Beach house, booze and bonding

One half of all you need to know about Sam Forman’s “The Moscows of Nantucket” at Theater J is contained in its situation: a wealthy Jewish Hollywood television producer, Michael Moscow (Michael Glenn), whose parents have a summer home on Nantucket, is bringing his shiksa girlfriend, Virginia Christianson (Heather Haney), for a visit. A younger son, Benjamin (James Flanagan), is at the opposite end of the success spectrum. His career as a novelist stalled 10 years ago, his girlfriend has left him for another woman, and he can’t even afford an apartment, so he’s moved in with his parents.
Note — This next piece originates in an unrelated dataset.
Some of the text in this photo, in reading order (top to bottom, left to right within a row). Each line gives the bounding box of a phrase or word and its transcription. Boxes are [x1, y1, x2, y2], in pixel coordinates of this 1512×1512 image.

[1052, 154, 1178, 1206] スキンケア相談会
Anything else you need to know about this family’s proclivity toward chaos?

Onstage
‘The Moscows of Nantucket’
Where: Theater J, 1529 16th St., NW
When: Through June 12
Info: $35 to $60; 800-494-TIXS; boxofficetickets.com; theaterj.org

Yet the plot of “The Moscows” isn’t there just to provide an excuse for excessive drinking, the hurling of insults, endless offenses, and more drinking. Forman’s real interest is in the relationships that exist between the characters onstage. He cleverly sets up a reunion that could be a happy affair but that immediately turns sour because of sibling rivalry.

As brothers who haven’t seen one another for years and who are given to exchanging barbs rather than hugs, Michael and Benjamin take after their father, Richard (Bob Rogerson), in their ability to be standoffish and cruel. Their mother, Ellen (Susan Rome) is intensely critical in her own way, usually through outrageous putdowns or backhanded compliments.
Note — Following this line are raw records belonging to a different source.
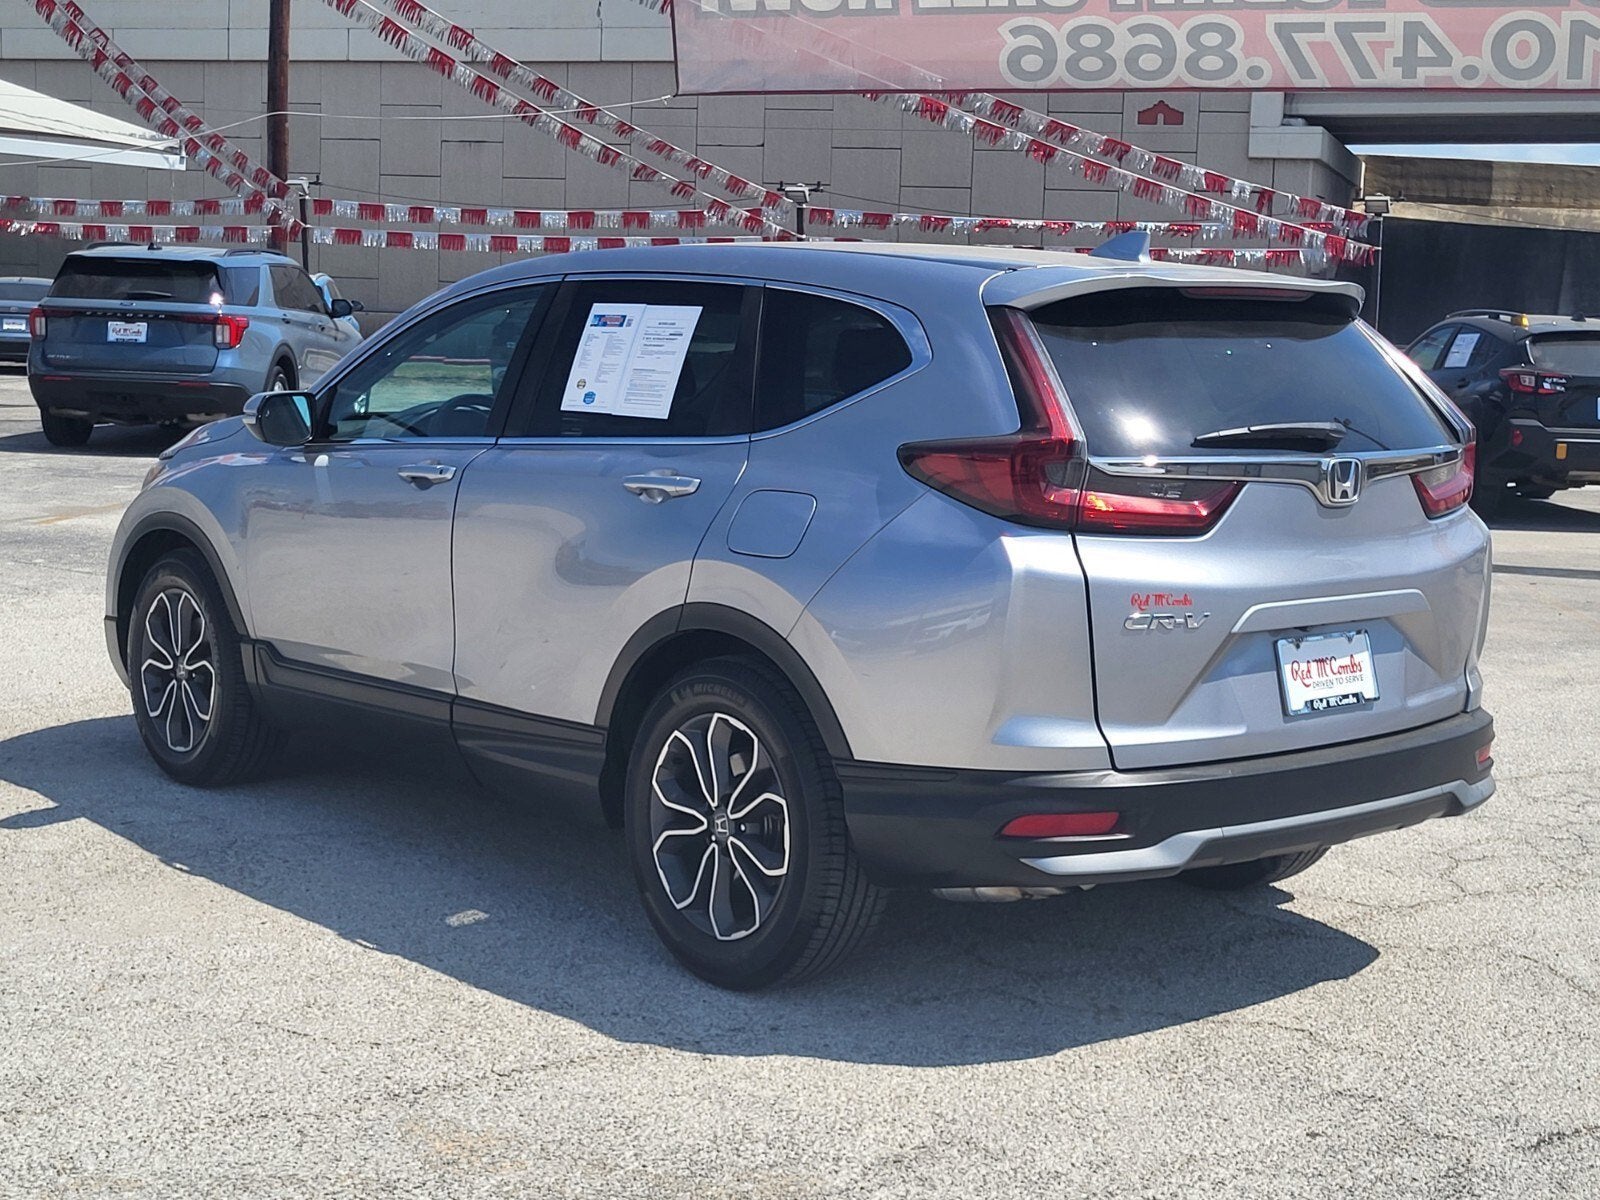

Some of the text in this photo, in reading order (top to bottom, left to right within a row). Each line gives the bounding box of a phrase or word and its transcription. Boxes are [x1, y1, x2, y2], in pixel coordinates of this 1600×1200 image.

[1130, 592, 1193, 611] Red McCombs
[1124, 612, 1211, 630] CR-V
[1291, 654, 1363, 688] Red McCombs
[1312, 674, 1364, 689] DRIVEN TO SERVE
[1313, 698, 1328, 710] Red
Forman suggests that individuals get locked into modes of acting that keep them from seeing or truly relating to one another. Everyone has established, calcified views of everyone else and those views keep any real communication from happening. It’s only when Benjamin drops his defensiveness about Hollywood that he and Michael can have a relationship.
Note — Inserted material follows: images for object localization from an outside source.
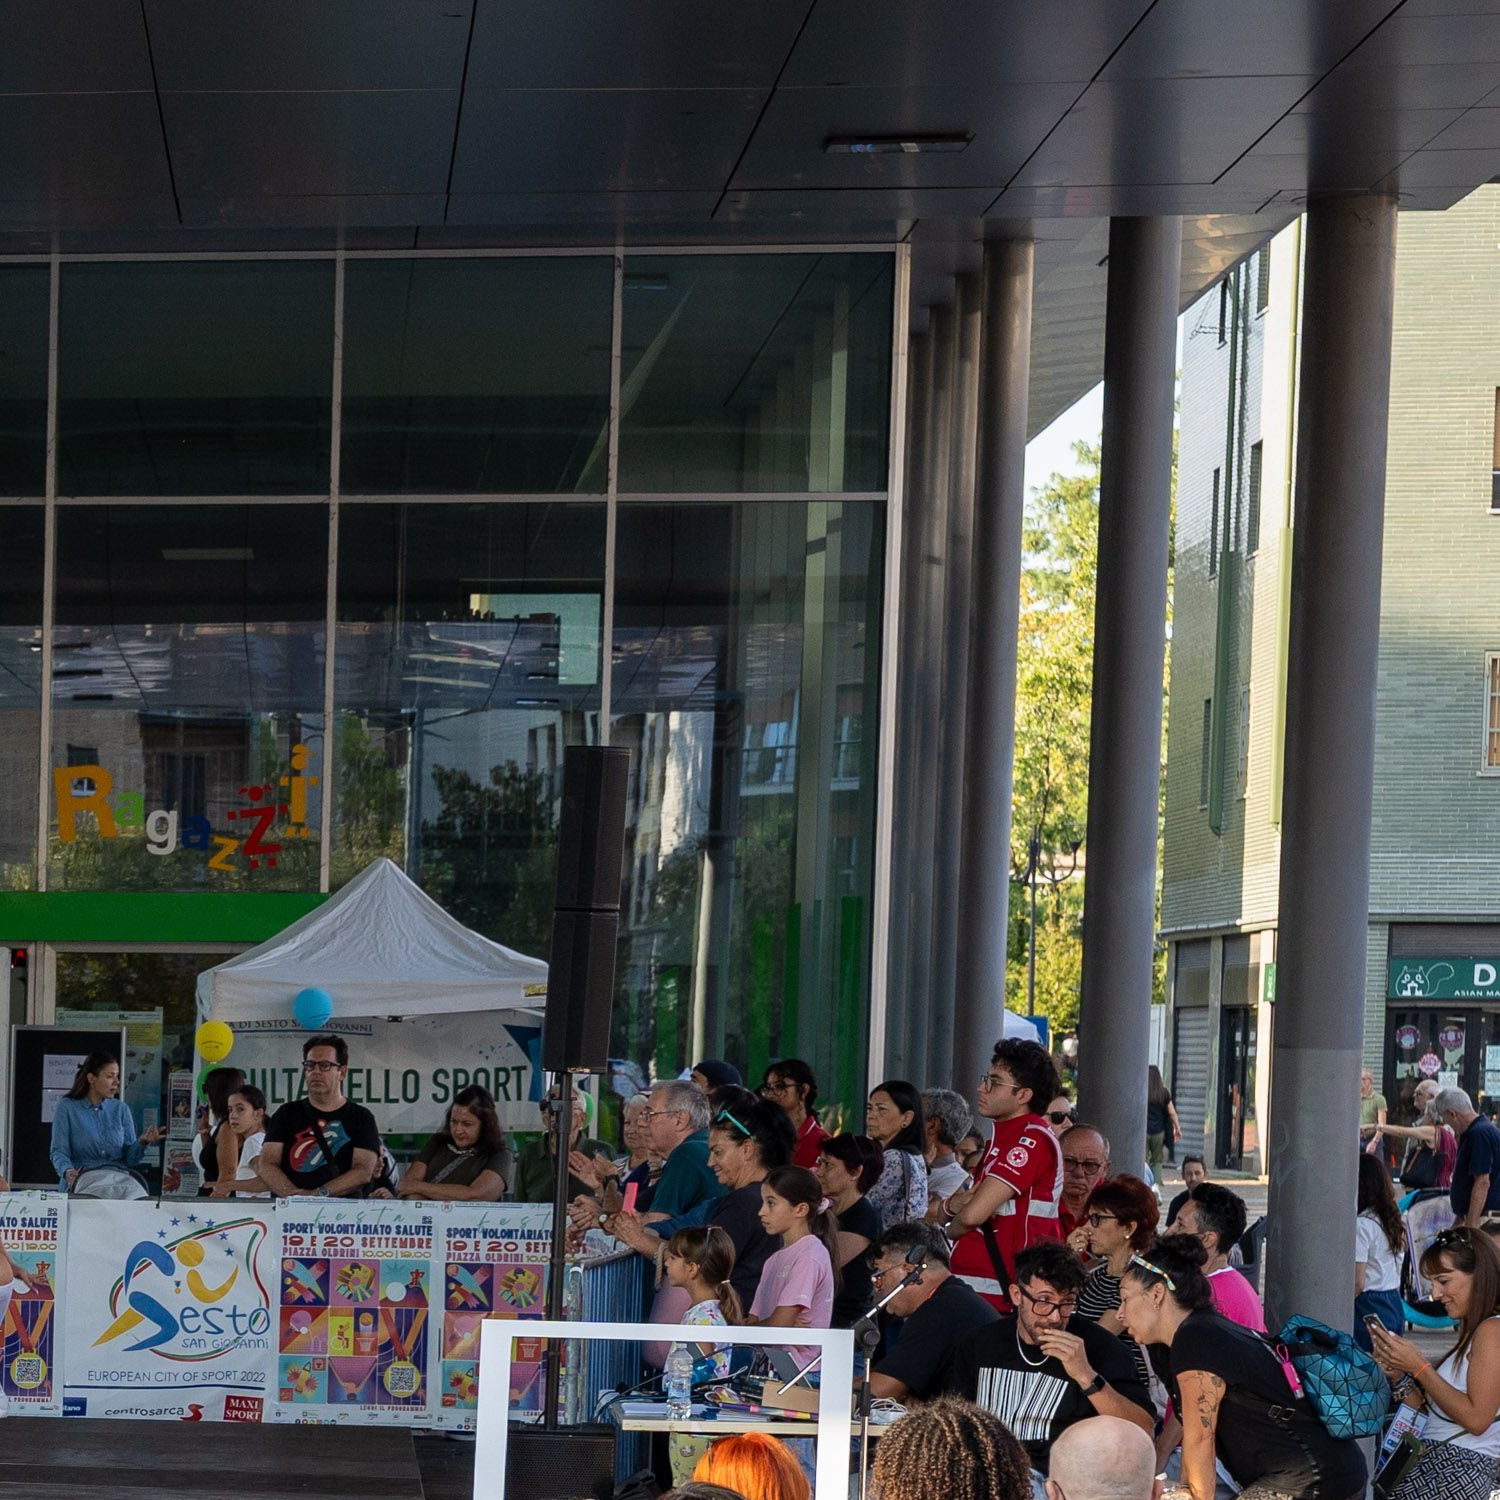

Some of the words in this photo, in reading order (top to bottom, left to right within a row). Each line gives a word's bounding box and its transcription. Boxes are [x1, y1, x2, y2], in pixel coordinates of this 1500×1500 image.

[53, 744, 320, 873] Ragazzi
[20, 1217, 58, 1228] SALUTE
[281, 1223, 314, 1234] SPORT
[317, 1223, 392, 1235] VOLONTARIATO
[394, 1224, 433, 1236] SALUTE
[445, 1227, 478, 1240] SPORT
[281, 1235, 304, 1247] 19
[310, 1235, 317, 1247] E
[323, 1236, 355, 1248] 20
[360, 1237, 433, 1249] SETTEMBRE
[445, 1240, 468, 1252] 19
[474, 1240, 481, 1252] E
[487, 1240, 519, 1253] 20
[282, 1247, 317, 1257] PIAZZA
[321, 1248, 360, 1258] OLDRINI
[446, 1252, 481, 1262] PIAZZA
[485, 1252, 524, 1262] OLDRINI
[87, 1370, 150, 1383] EUROPEAN
[155, 1370, 178, 1383] CITY
[182, 1371, 199, 1383] OF
[201, 1370, 238, 1382] SPORT
[240, 1371, 266, 1384] 2022
[229, 1398, 259, 1409] MAXI
[104, 1406, 184, 1417] centrosarca
[225, 1409, 261, 1421] SPORT
The acting in “The Moscows” is excellent, particularly Flanagan as the poetic Benjamin, whose parents haven’t a clue what he is about. Haney is breezily entertaining as Michael’s girlfriend/actress. In the end, she’s the straight-talker, the one who establishes a sense of order within the chaos.

Amal Saade portrays Benjamin’s nanny as the picture of intelligence. Having come to Nantucket to take care of Michael’s son, she’s more mature than any of the Moscows, neatly sidestepping the depth charges of the familial gathering.

A lot of the lines in “The Moscows” fall flat, although director Shirley Serotsky tries hard to milk them for conventional laughs. But many times, “The Moscows” feels like a series of half-hearted jokes strung together, the characters half-finished sketches.

Worst of all, Serotsky can’t make the connection between these characters and Chekhov’s family in “Three Sisters,” which Forman says exists. Yes, the word “Moscow” is there. And the vodka is there. And the wealth and the countryside. But after that, the comparison ends.